As the Los Angeles region seeks solutions for its homeless population, and as police try to disperse the many denizens of downtown’s skid row, residents of communities such as Venice and Hollywood are finding that the homeless problem is increasingly coming to their back door.

Allison’s and Petrova’s neighborhood, near Penmar Park in north Venice, has already seen a proliferation of operations -- several medical marijuana stores, two methadone clinics and at least three liquor stores that, according to residents, sell single shots out their back doors -- that would be unwelcome in Brentwood or Pacific Palisades. A guerrilla needle exchange has been a continuing problem in alleys throughout the area.

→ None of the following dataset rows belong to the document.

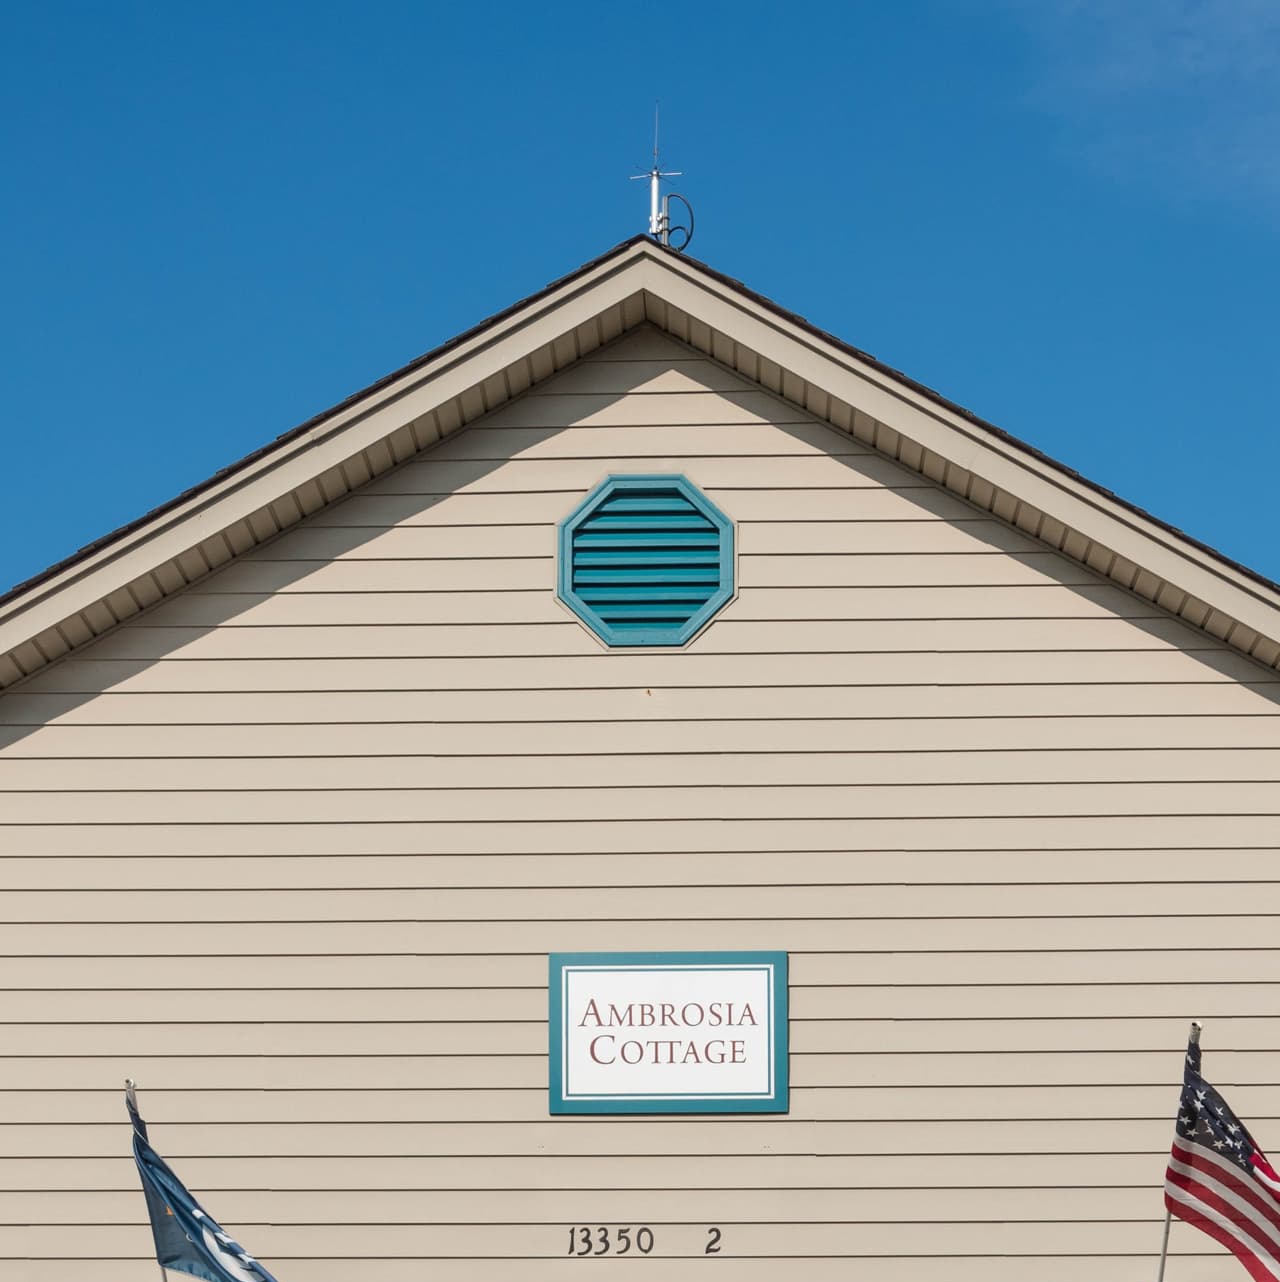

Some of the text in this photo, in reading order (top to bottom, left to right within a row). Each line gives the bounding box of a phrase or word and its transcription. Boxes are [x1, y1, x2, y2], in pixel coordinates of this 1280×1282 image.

[578, 998, 759, 1027] AMBROSIA
[589, 1034, 748, 1065] COTTAGE
[568, 1226, 722, 1256] 13350 2
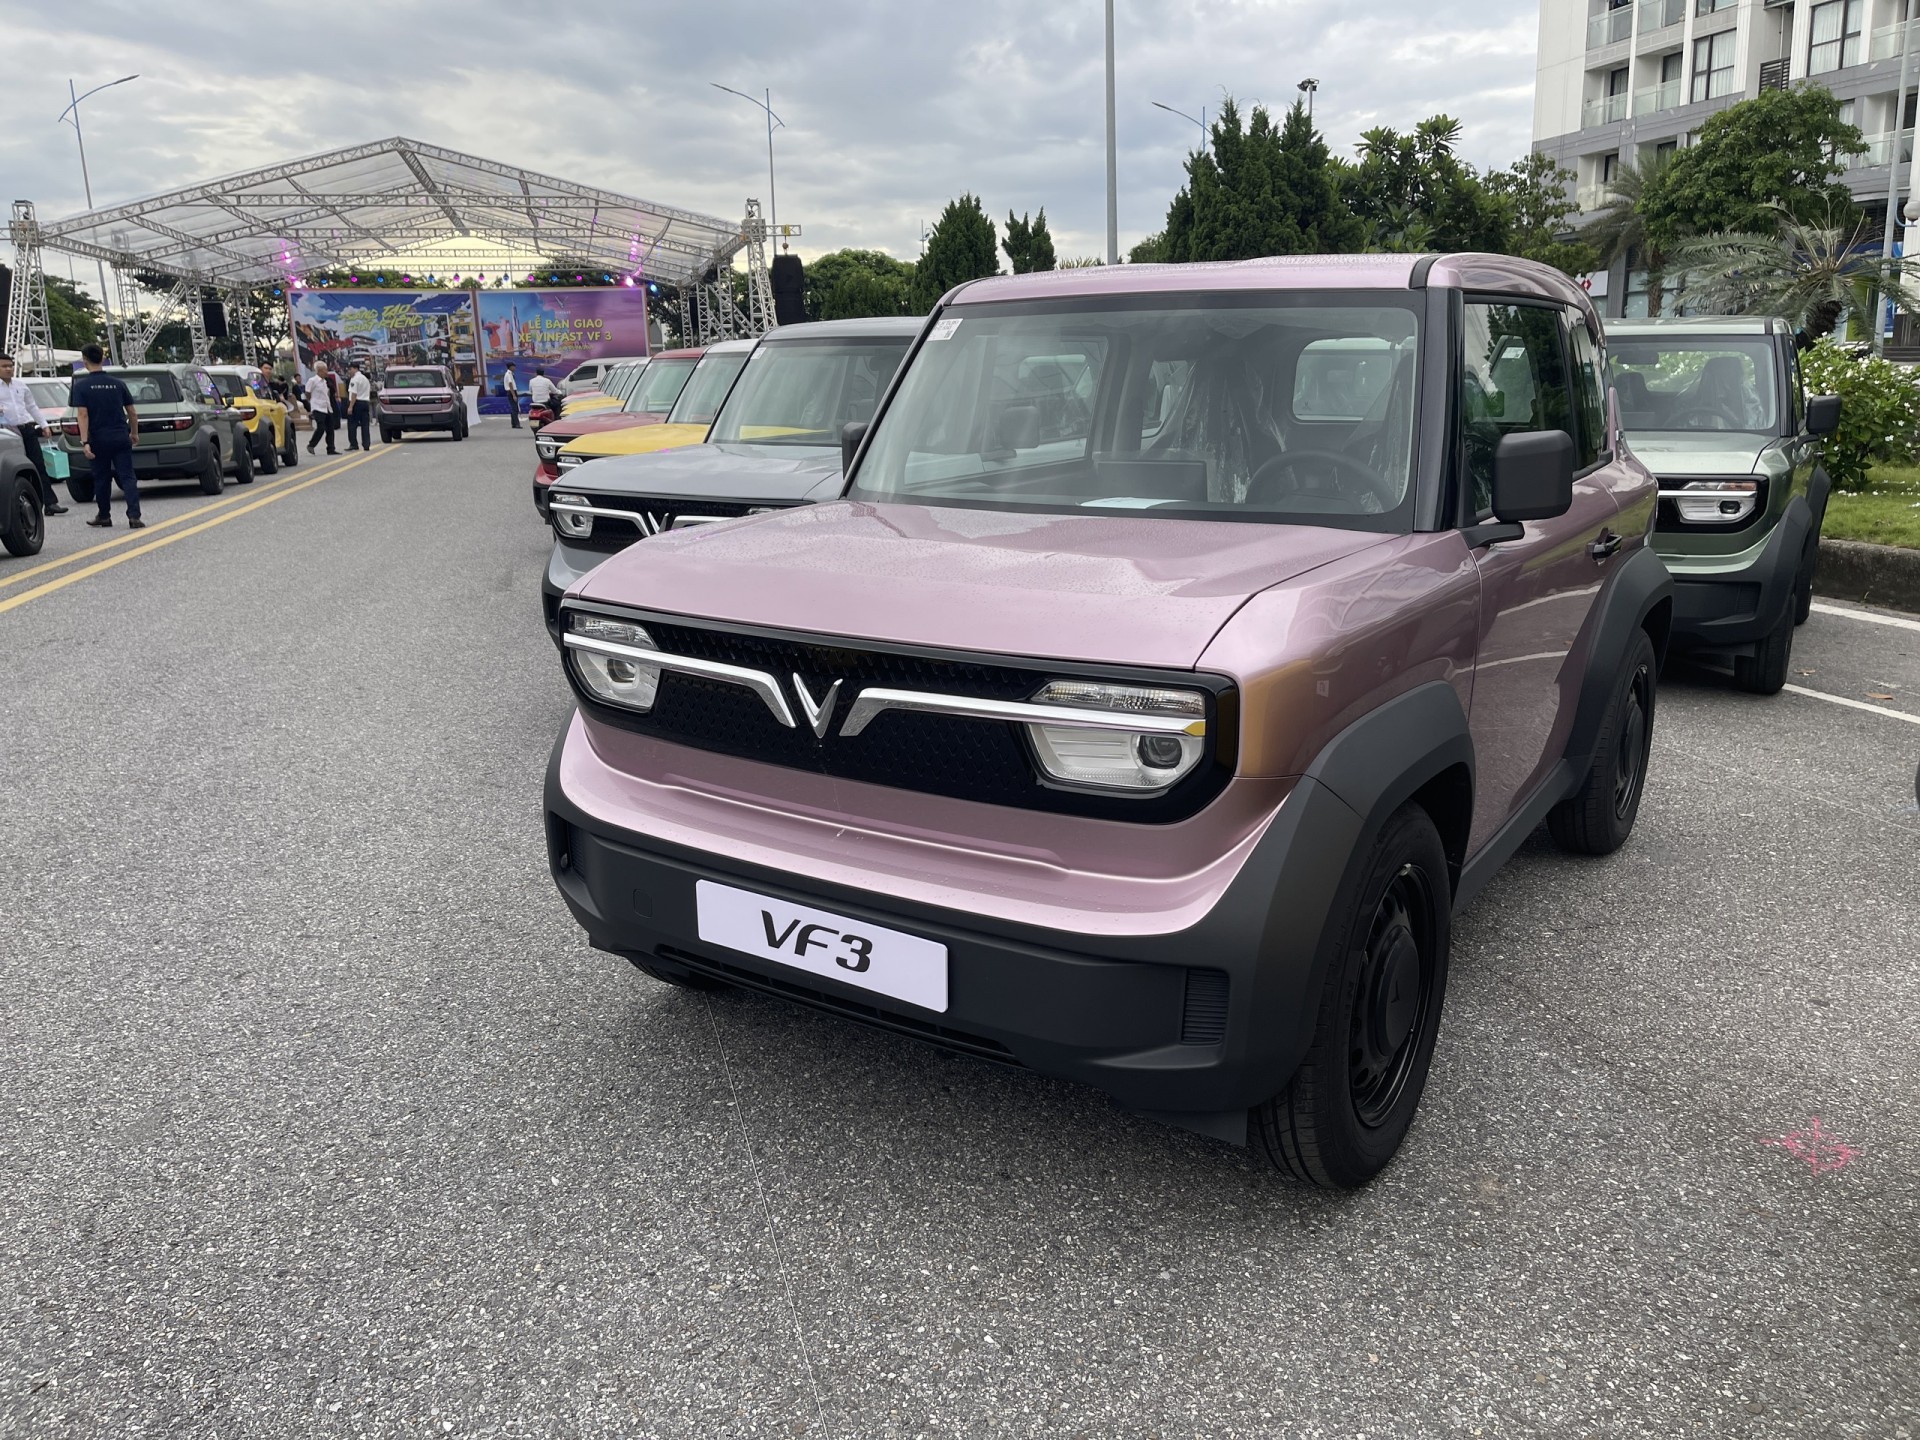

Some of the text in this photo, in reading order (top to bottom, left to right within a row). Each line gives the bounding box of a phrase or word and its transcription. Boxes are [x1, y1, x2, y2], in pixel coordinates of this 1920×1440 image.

[574, 318, 603, 329] GIAO
[518, 331, 612, 343] XE VINFAST VF 3
[761, 909, 873, 973] VF3
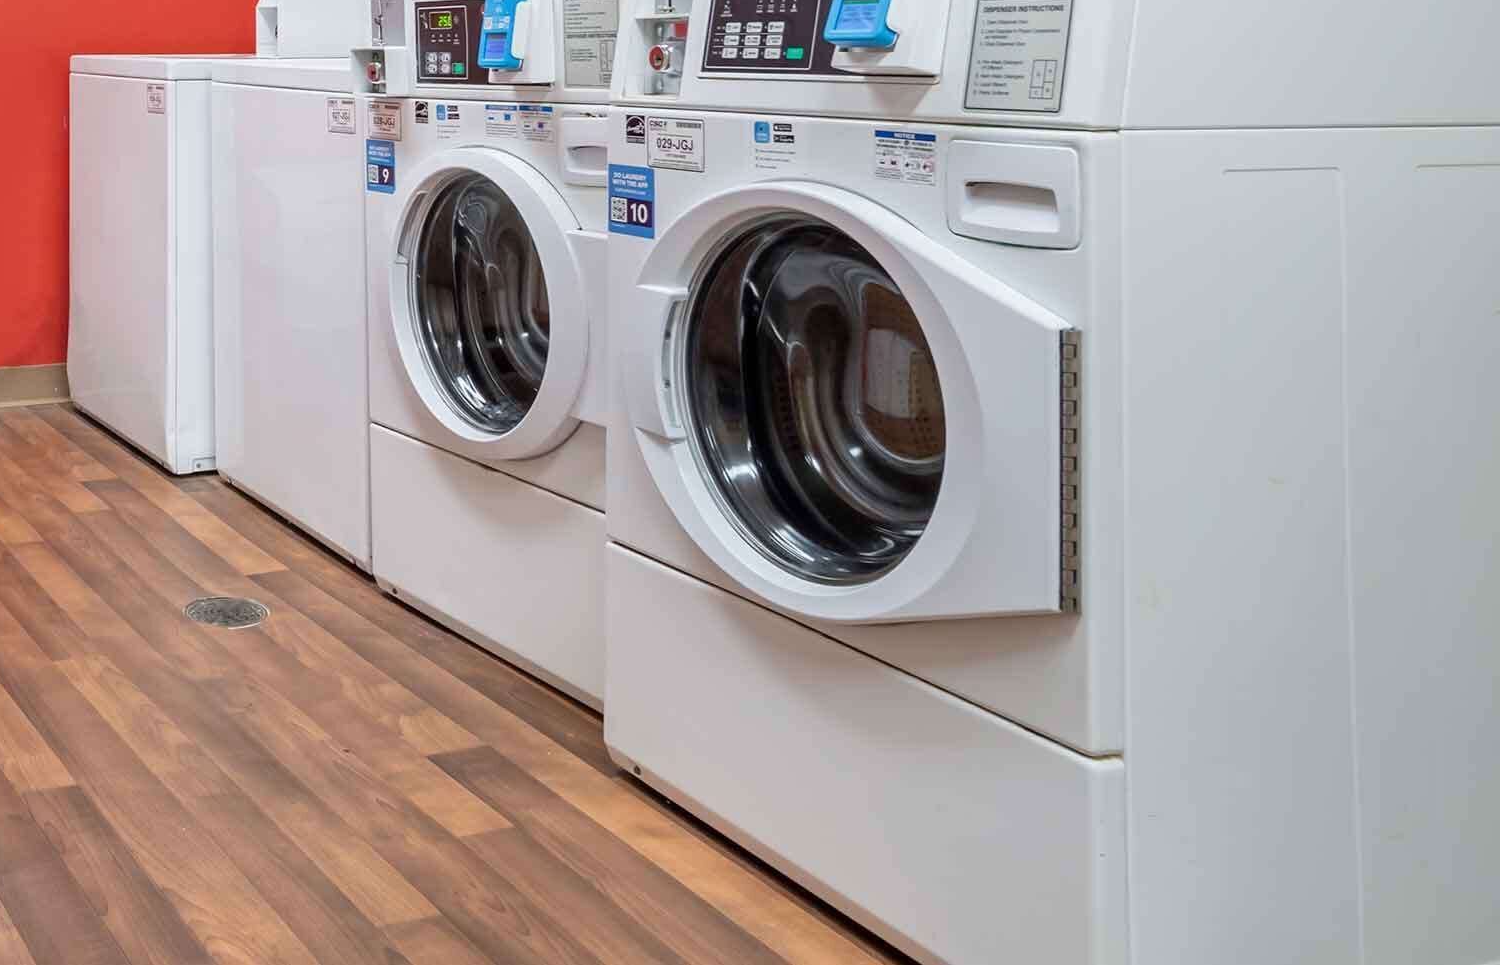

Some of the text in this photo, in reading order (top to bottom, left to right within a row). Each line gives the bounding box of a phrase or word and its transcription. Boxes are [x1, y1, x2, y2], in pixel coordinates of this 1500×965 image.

[983, 4, 1064, 13] DISPENSER INSTRUCTIONS
[656, 137, 694, 151] 029-JGJ
[382, 168, 389, 183] 9
[630, 203, 648, 223] 10

So residents mobilized when they learned late last year that St. Joseph Center, a reputable nonprofit provider of homeless services, was on the verge of relocating its homeless access center to the thrift-shop site from a nearby location west of Lincoln.

They organized Venice SONIC (Save Our Neighborhood’s Integrity Committee) and hired an attorney, Robert P. Silverstein, who says Los Angeles City Councilman Bill Rosendahl “has pushed the project through under stealth of night.” Rosendahl countered that “this has been public through all of 2006.”

Residents are sensitive to how others may view their opposition. “We know we’re going to be tarred and feathered as NIMBY and anti-homeless,” said Chris Williams of the Penmar Neighborhood Assn. “But that’s just not true.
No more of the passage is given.